The International Betting Integrity Association and H2 Gambling Capital say their major new report provides a “never seen-before-insight” into the gambling sector around the globe.
Belgium.- The International Betting Integrity Association (IBIA) and the data analysts H2 Gambling Capital have teamed up to produce a major report on gambling regulation in 20 jurisdictions around the world.
The “first-of-its-kind study” uses data from regulated betting operators to analyse the strengths and weaknesses of each jurisdiction’s licensing regime across five areas: regulation, tax, product, integrity and advertising.
Titled An Optimum Betting Market, the report studied gambling regulation in Great Britain, Malta, Denmark, Sweden, Spain, Italy, the Netherlands, Colombia, Germany, France, Poland, Kenya, Mexico, Australia, Argentina, Canada, India and in the US states of Nevada and New Jersey.
The data used was taken from betting operators that represent close to 50 per cent of all commercial online betting globally, making the report the most comprehensive yet.
IBIA chief executive Khalid Ali said: “The study and its contents can rightly be justified as unprecedented. H2 has conducted a detailed examination of product data covering $137bn (€112bn) in turnover, along with its own market data.
“The result is a report that provides a never-seen-before insight into global consumer demand, integrity risks and regulatory practices.

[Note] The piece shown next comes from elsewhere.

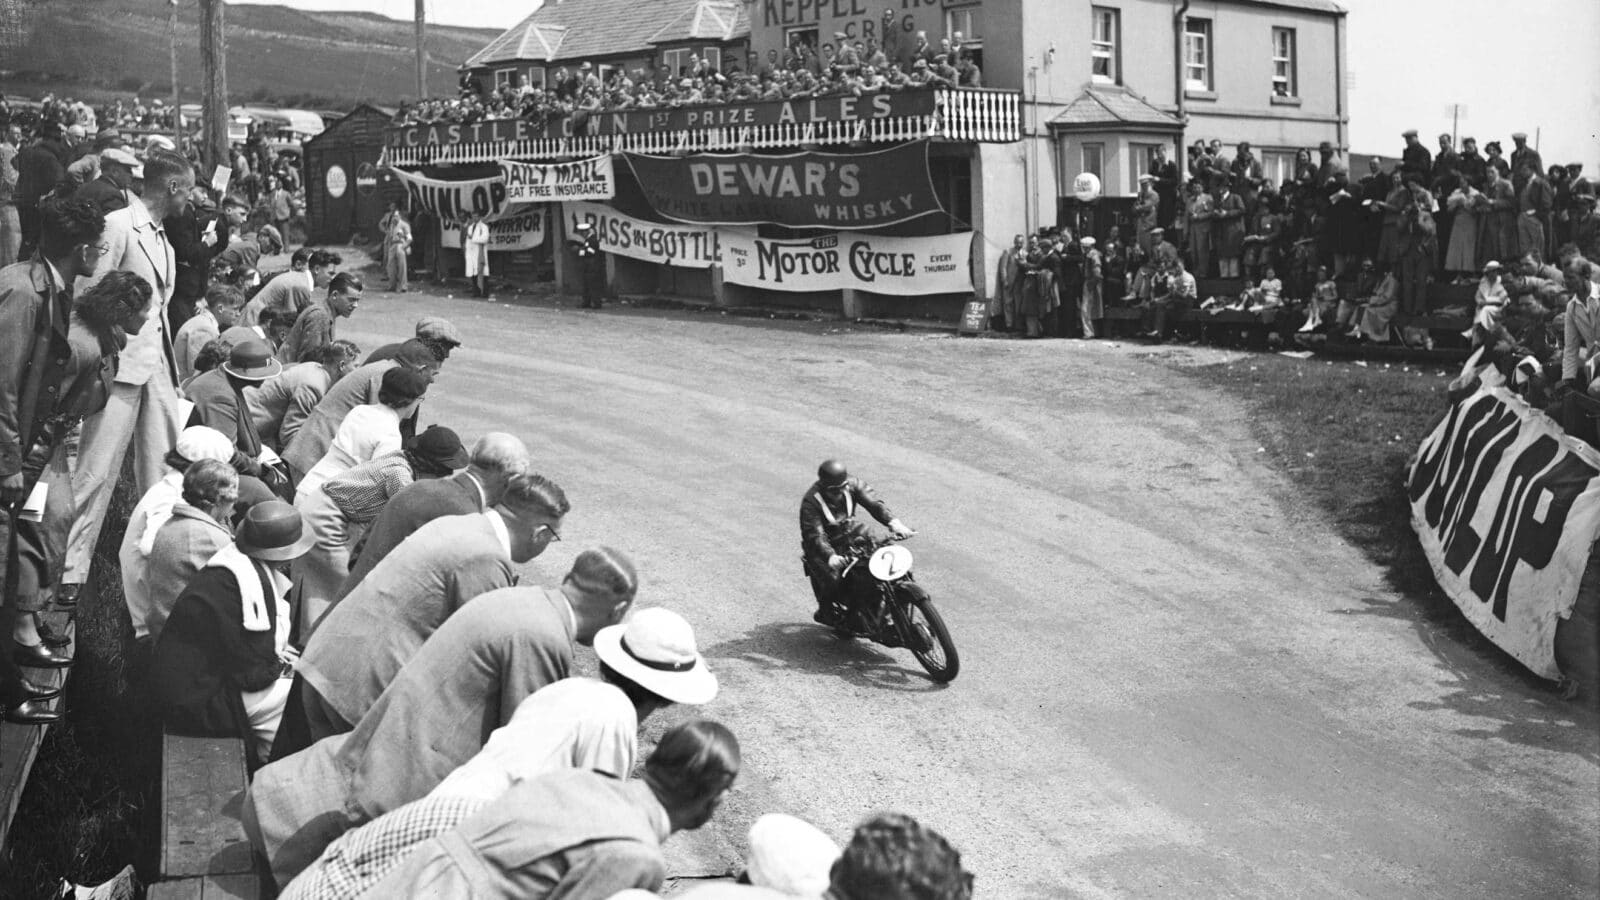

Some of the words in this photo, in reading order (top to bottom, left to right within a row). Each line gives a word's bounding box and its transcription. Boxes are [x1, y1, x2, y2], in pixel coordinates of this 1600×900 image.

In doing so, it reveals the core facets of a successful regulatory framework for betting.
“IBIA hopes that these evidenced-based findings will assist the important ongoing global betting and integrity debate.”
The European trade associations the Betting and Gaming Council (BGC) in the UK, Branscheforenigen för Onlinespel (BOS) in Sweden, Jdigital in Spain, NOGA in the Netherlands, and The European Gaming and Betting Association (EGBA) were involved in the report.
The ten pillars of an optimum betting market
David Henwood, director of H2, said the report helps to identify the various factors that form a strong regulatory regime. Based on the data, the report sets out “ten pillars of an optimum betting market”.
They include allowing both land-based and online betting, unlimited or “market maximising” licence numbers, licence fees that are reflective of regulatory costs, “robust but practical” player protection measures and a betting tax at around 15-20 per cent of gross gaming revenue.
The report concluded that there needed to be a wide product offering of channels and betting markets, strong integrity protocols in place, “balanced” advertising rules and no “overly burdensome” additional taxes.
Henwood said: “Our assessment of the various regulatory models in operation around the world has determined the key factors that are most likely to generate a successful well-regulated betting market: unlimited licensing, competitive GGR tax, wide product offering, integrity provisions and balanced advertising parameters.
“That position and our betting product and integrity evaluation is based on the most extensive and detailed collection of market data that has ever been assembled. The report’s findings are therefore unique and illuminating.”
The global betting market
The report forecasts that global betting turnover will reach $767bn by 2025 and that revenue will reach $106bn. It found that online betting overtook land-based for the first time in 2020. H2 expects that to now remain the case despite the reopening of land-based venues following the Covid-19 pandemic.
IBIA reports slight increase in betting integrity alerts
The IBIA reported 64 suspicious betting events to authorities in the first quarter of 2021.
The number is a slight increase from the 61 events reported in the same quarter last year, but down from the 68 alerts in the final quarter of 2020.
Tennis remained the source of the majority of the alerts, accounting for 18 betting integrity alerts in the quarter. Six of those were reported to the International Tennis Integrity Agency as intelligence reports since they were not events sanctioned by the principal tennis tours.
In 2020, the IBIA reported a 48 per cent increase in suspicious betting alerts, including a 25 per cent increase in alerts relating to football.